- _Task prompt_
The data is to be reproduced in full and without error.

- _Saved data entries_
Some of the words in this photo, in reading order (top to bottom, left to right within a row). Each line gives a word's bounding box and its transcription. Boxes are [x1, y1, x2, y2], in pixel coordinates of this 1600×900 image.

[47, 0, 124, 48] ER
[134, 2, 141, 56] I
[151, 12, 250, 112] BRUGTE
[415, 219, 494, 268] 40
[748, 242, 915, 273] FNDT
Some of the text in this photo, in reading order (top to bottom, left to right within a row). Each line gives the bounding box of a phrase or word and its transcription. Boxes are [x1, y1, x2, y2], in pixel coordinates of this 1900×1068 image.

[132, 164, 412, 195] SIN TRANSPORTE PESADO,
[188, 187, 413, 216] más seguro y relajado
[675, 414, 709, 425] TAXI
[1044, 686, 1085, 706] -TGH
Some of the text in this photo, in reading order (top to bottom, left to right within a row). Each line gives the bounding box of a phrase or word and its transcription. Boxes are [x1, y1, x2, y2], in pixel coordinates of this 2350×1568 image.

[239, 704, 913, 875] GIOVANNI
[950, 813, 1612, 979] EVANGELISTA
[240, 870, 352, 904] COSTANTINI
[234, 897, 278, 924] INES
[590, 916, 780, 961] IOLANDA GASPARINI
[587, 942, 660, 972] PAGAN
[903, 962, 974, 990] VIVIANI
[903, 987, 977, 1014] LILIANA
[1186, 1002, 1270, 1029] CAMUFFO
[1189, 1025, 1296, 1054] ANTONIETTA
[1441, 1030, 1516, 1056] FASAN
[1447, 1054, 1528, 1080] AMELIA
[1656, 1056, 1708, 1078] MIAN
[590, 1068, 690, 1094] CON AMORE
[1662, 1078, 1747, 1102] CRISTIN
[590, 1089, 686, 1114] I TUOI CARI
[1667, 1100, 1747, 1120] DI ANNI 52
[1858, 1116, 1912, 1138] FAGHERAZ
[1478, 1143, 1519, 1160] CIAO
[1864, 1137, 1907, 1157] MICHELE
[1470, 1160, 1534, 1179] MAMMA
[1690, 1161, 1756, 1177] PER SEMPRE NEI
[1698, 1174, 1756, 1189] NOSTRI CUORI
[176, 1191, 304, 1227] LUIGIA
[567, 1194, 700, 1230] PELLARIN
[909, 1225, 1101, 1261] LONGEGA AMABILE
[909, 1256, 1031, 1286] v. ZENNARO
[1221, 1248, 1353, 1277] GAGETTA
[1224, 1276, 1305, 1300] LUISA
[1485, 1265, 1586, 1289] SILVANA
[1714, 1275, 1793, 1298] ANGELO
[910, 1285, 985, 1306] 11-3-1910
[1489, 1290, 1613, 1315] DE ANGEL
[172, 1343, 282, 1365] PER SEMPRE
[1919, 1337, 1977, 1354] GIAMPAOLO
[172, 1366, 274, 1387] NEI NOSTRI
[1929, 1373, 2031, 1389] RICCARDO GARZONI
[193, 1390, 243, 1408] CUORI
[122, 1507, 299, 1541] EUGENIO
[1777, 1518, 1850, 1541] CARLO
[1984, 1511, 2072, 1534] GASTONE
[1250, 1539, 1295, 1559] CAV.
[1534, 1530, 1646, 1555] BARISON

- _Expected answer_
Some of the words in this photo, in reading order (top to bottom, left to right within a row). Each line gives a word's bounding box and its transcription. Boxes are [x1, y1, x2, y2], in pixel coordinates of this 1600×900 image.

[47, 0, 124, 48] ER
[134, 2, 141, 56] I
[151, 12, 250, 112] BRUGTE
[415, 219, 494, 268] 40
[748, 242, 915, 273] FNDT
Some of the text in this photo, in reading order (top to bottom, left to right within a row). Each line gives the bounding box of a phrase or word and its transcription. Boxes are [x1, y1, x2, y2], in pixel coordinates of this 1900×1068 image.

[132, 164, 412, 195] SIN TRANSPORTE PESADO,
[188, 187, 413, 216] más seguro y relajado
[675, 414, 709, 425] TAXI
[1044, 686, 1085, 706] -TGH
Some of the text in this photo, in reading order (top to bottom, left to right within a row). Each line gives the bounding box of a phrase or word and its transcription. Boxes are [x1, y1, x2, y2], in pixel coordinates of this 2350×1568 image.

[239, 704, 913, 875] GIOVANNI
[950, 813, 1612, 979] EVANGELISTA
[240, 870, 352, 904] COSTANTINI
[234, 897, 278, 924] INES
[590, 916, 780, 961] IOLANDA GASPARINI
[587, 942, 660, 972] PAGAN
[903, 962, 974, 990] VIVIANI
[903, 987, 977, 1014] LILIANA
[1186, 1002, 1270, 1029] CAMUFFO
[1189, 1025, 1296, 1054] ANTONIETTA
[1441, 1030, 1516, 1056] FASAN
[1447, 1054, 1528, 1080] AMELIA
[1656, 1056, 1708, 1078] MIAN
[590, 1068, 690, 1094] CON AMORE
[1662, 1078, 1747, 1102] CRISTIN
[590, 1089, 686, 1114] I TUOI CARI
[1667, 1100, 1747, 1120] DI ANNI 52
[1858, 1116, 1912, 1138] FAGHERAZ
[1478, 1143, 1519, 1160] CIAO
[1864, 1137, 1907, 1157] MICHELE
[1470, 1160, 1534, 1179] MAMMA
[1690, 1161, 1756, 1177] PER SEMPRE NEI
[1698, 1174, 1756, 1189] NOSTRI CUORI
[176, 1191, 304, 1227] LUIGIA
[567, 1194, 700, 1230] PELLARIN
[909, 1225, 1101, 1261] LONGEGA AMABILE
[909, 1256, 1031, 1286] v. ZENNARO
[1221, 1248, 1353, 1277] GAGETTA
[1224, 1276, 1305, 1300] LUISA
[1485, 1265, 1586, 1289] SILVANA
[1714, 1275, 1793, 1298] ANGELO
[910, 1285, 985, 1306] 11-3-1910
[1489, 1290, 1613, 1315] DE ANGEL
[172, 1343, 282, 1365] PER SEMPRE
[1919, 1337, 1977, 1354] GIAMPAOLO
[172, 1366, 274, 1387] NEI NOSTRI
[1929, 1373, 2031, 1389] RICCARDO GARZONI
[193, 1390, 243, 1408] CUORI
[122, 1507, 299, 1541] EUGENIO
[1777, 1518, 1850, 1541] CARLO
[1984, 1511, 2072, 1534] GASTONE
[1250, 1539, 1295, 1559] CAV.
[1534, 1530, 1646, 1555] BARISON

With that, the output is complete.